Peran Roh Dusta Di Balik Ramalan Dan Nubuat Palsu

KASUS 1

            Seorang peramal atau paranormal dari lingkungan Kejawen (sebut saja: Peramal Y) tiba-tiba menjadi “terkenal” karena mengucapkan perkataan seperti ini tentang peristiwa besar yang akan terjadi di Indonesia tahun ini; di antaranya ia berkata: “Konflik dan kejahatan ataupun hal yang menyangkut penjarahan akan ada di 2021, penjarahan besar, ada politik memanas, dan ada bahasa-bahasa yang mungkin sifatnya secara politiknya mungkin pergantian presiden.  Sudah mulai tanda-tandanya, sudah mulai dari daerah dan ke atas mulai memanas semuanya.  Memang akan ada pergantian, tapi dimulai dengan adanya penjarahan, keributan.”  Intinya, ia meramalkan Joko Widodo akan turun (atau diturunkan) sebagai presiden seiring dengan memanasnya situasi politik yang ditandai dengan peristiwa penjarahan dan keributan.  Belakangan, karena diancam akan dilaporkan ke polisi, sang peramal kemudian mengklarifikasi sekaligus merevisi pernyataannya pada 15 Januari 2021: “Yang saya maksud di tahun mendatang pergantian presiden itu di 2024 akan ada pergantian presiden, bukan presiden sekarang.  Bukan 2021 tapi di saat nanti pergantian presiden nanti di 2024 akan ada ganti presiden.  Bukan 2021 ganti presiden” (https://hot.detik.com/celeb/d-5335856/klarifikasi-mbak-you-soal-ramalan-jokowi-lengser).  Biasa orang sini, suka ngeles: kalau 2024 mah semua orang juga tahu, Jokowi memang harus turun waktu itu karena sudah selesai masa jabatan kedua kepresidenannya.
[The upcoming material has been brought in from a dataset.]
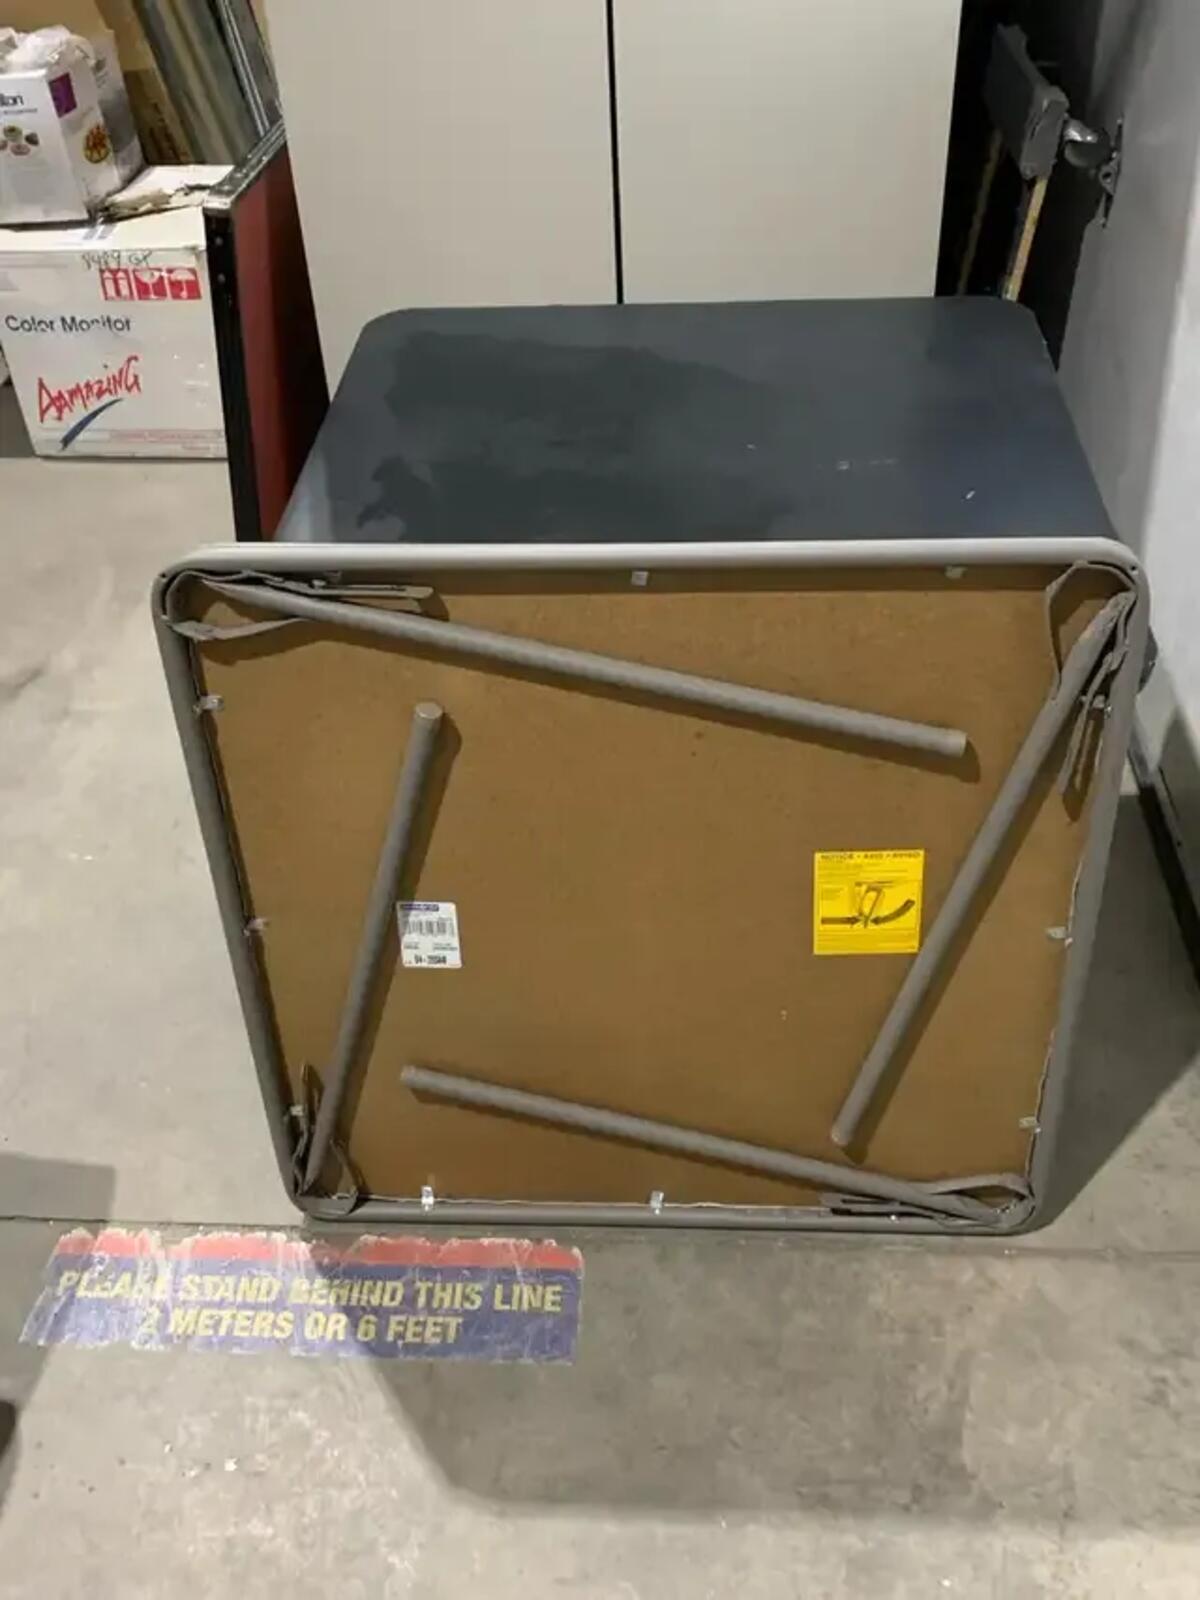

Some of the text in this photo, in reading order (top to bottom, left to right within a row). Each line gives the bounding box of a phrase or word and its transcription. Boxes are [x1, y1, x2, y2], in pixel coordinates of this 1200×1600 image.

            Yang menarik adalah urusan ini ditanggapi oleh seorang pendeta dari kalangan teologi sukses (kita sebut saja: Pendeta Z) pada 14 Januari 2021 melalui sosial media.  Sang pendeta terusik dengan ramalan Y tentang “adanya penjarahan serta jatuhnya kepemimpinan nasional.”  Menurutnya, ramalan negatif tersebut akan dipatahkan dalam nama Yesus.  Di antaranya ia berkata: “Saya sebagai hamba Tuhan . . . menantang Mbak You ini: untuk kita buktikan ramalanmu yang betul, atau Tuhan Yesus saya yang lebih hebat.  Dan saya pastikan di dalam nama Tuhan Yesus ramalan ini dibatalkan, dan saya pastikan di dalam nama Yesus ini tidak akan terjadi. . . .”  Bagi saya, perkataan Pendeta Z sebetulnya secara tidak langsung juga mengandung sejenis unsur ramalan, yaitu bahwa ramalan si mbak pasti dibatalkan dan pasti tidak akan terjadi.  Dari mana dia tahu dan memperoleh kepastian itu?  Bagaimana bila seandainya ramalan Paranormal Y benar-benar terjadi?

KASUS 2:

            Sebelum mengevaluasikan kedua pendapat diatas, saya ingin mengangkat sebuah situasi yang terjadi bulan Maret 2020 yang lalu.  Waktu itu ramai dibicarakan di mana-mana tentang perkataan nubuat dari seorang pendeta (kita sebut saja Pendeta A) yang barangkali memiliki concern supaya virus corona berhenti menginfeksi kesana-kemari.  Pendeta A yang berasal dari aliran teologi sukses ini tampil dalam sebuah video dan di antaranya berkata: “Tapi sekarang Tuhan Yesus menyuruh saya untuk melakukan seperti apa yang telah dilakukan Tuhan Yesus, yaitu dengan menghardik badai itu, dan berkata: ‘Diam, tenanglah.’  Karena itu sekarang saya memerintahkan kepada Covid-19, dan kepada krisis ekonomi, dan berkata: ‘Diam, tenanglah.’  Kita sekarang memasuki peperangan rohani yang dahsyat.  Mari, saya mengajak saudara untuk berdoa seperti itu; kita memerintahkan kepada Covid-19 dan kepada krisis ekonomi, dan berkata: ‘Diam, tenanglah.’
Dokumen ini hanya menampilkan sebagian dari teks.